Calcineurin inhibitors (CNI), including cyclosporine A (CsA) and tacrolimus (TAC), are cornerstones of immunosuppressive therapy in solid organ transplant recipients. While extensively recognized for their capacity to induce nephrotoxicity, hypertension, and dyslipidemia, emerging reports suggest potential direct cardiovascular toxicities associated with CNI. Evidence from both in vitro and in vivo studies has demonstrated direct cardiotoxic impact of CNI, manifesting itself as induction of cardiomyocyte apoptosis, enhanced oxidative stress, inflammatory cell infiltration, and cardiac fibrosis. CNI enhances cellular apoptosis through CaSR via activation of the p38 MAPK pathway and deactivation of the ERK pathway, and enhancement of miR-377 axis. Although CNI could attenuate cardiac hypertrophy in certain animal models, CNI concurrently impaired systolic function, enhanced cardiac fibrosis, and increased the risk of heart failure.
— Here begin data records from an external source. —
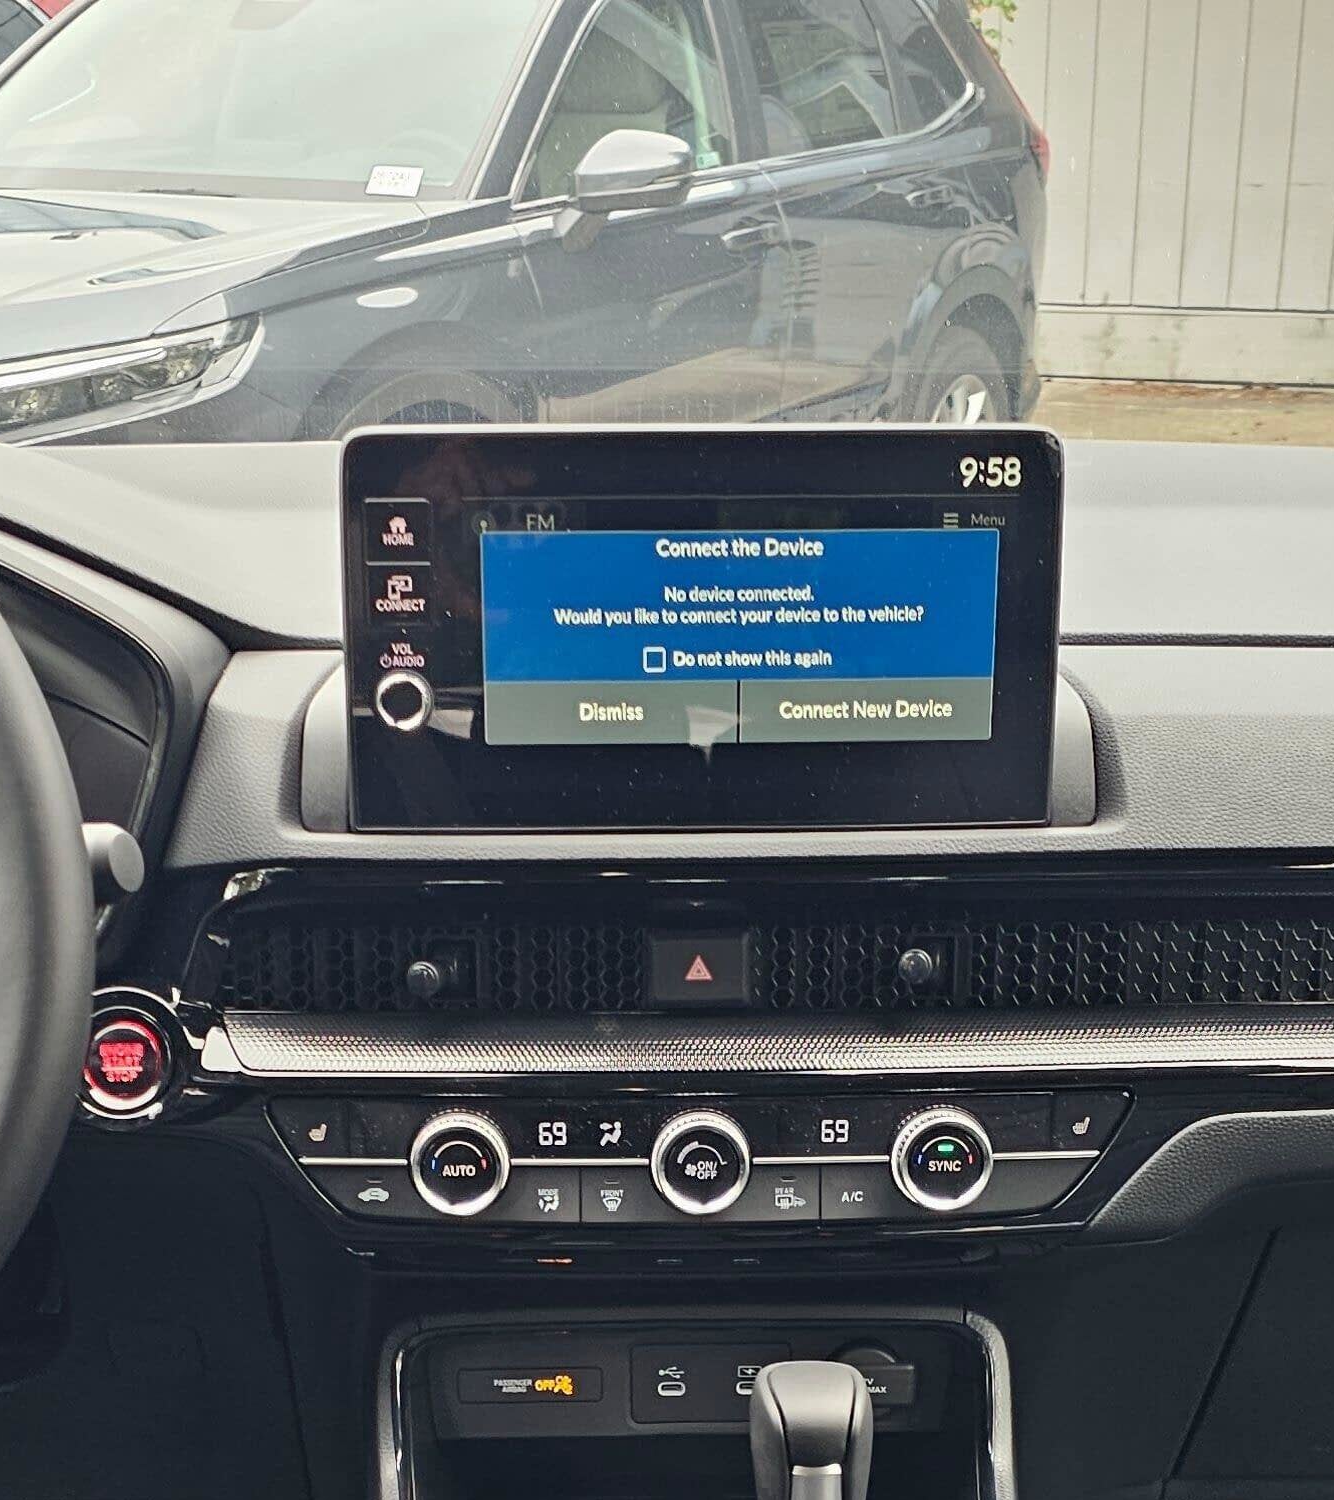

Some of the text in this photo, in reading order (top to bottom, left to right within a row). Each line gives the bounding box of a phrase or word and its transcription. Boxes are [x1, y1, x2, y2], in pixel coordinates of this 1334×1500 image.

[959, 456, 1022, 488] 9:58
[526, 513, 555, 531] FM
[970, 513, 1006, 526] Menu
[382, 533, 415, 546] HOME
[655, 537, 824, 558] Connect the Device
[664, 584, 815, 602] No device connected.
[375, 599, 426, 612] CONNECT
[553, 605, 925, 627] Would you like to connect your device to the vehicle?
[391, 643, 414, 655] VOL
[392, 655, 425, 667] AUDIO
[672, 650, 833, 668] Do not show this again
[578, 702, 644, 722] Dismiss
[778, 699, 954, 720] Connect New Device
[538, 1122, 567, 1146] 69
[820, 1120, 849, 1143] 69
[442, 1164, 476, 1177] AUTO
[697, 1161, 718, 1172] ON/
[927, 1160, 962, 1173] SYNC
[696, 1170, 718, 1180] OFF
[600, 1189, 624, 1198] FRONT
[774, 1187, 796, 1195] REAR
[841, 1190, 864, 1203] A/C
[493, 1379, 533, 1387] PASSENGER
[534, 1379, 555, 1392] OFF
Evidence from in vivo studies demonstrated that CNI prolong the duration of action potentials through a decrease in potassium current. CNI also exerted direct effects on endothelial cell injury, inducing apoptosis and enhancing oxidative stress. CNI may induce vascular inflammation through TLR4 via MyD88 and TRIF pathways. In addition, CNI affects vascular function by impairing endothelial-dependent vasodilation and promoting vasoconstriction. Clinical studies in transplant patients also revealed an increased incidence of cardiac remodeling. However, the evidence is constrained by the limited number of participants and potential confounding factors. Several studies indicate differing cardiovascular toxicity profiles between CsA and TAC, and these could be potentially due to their different interactions with calcineurin subunits and calcineurin-independent effects. Further studies are needed to clarify these mechanisms to improve cardiovascular outcomes for transplant patients with CNI.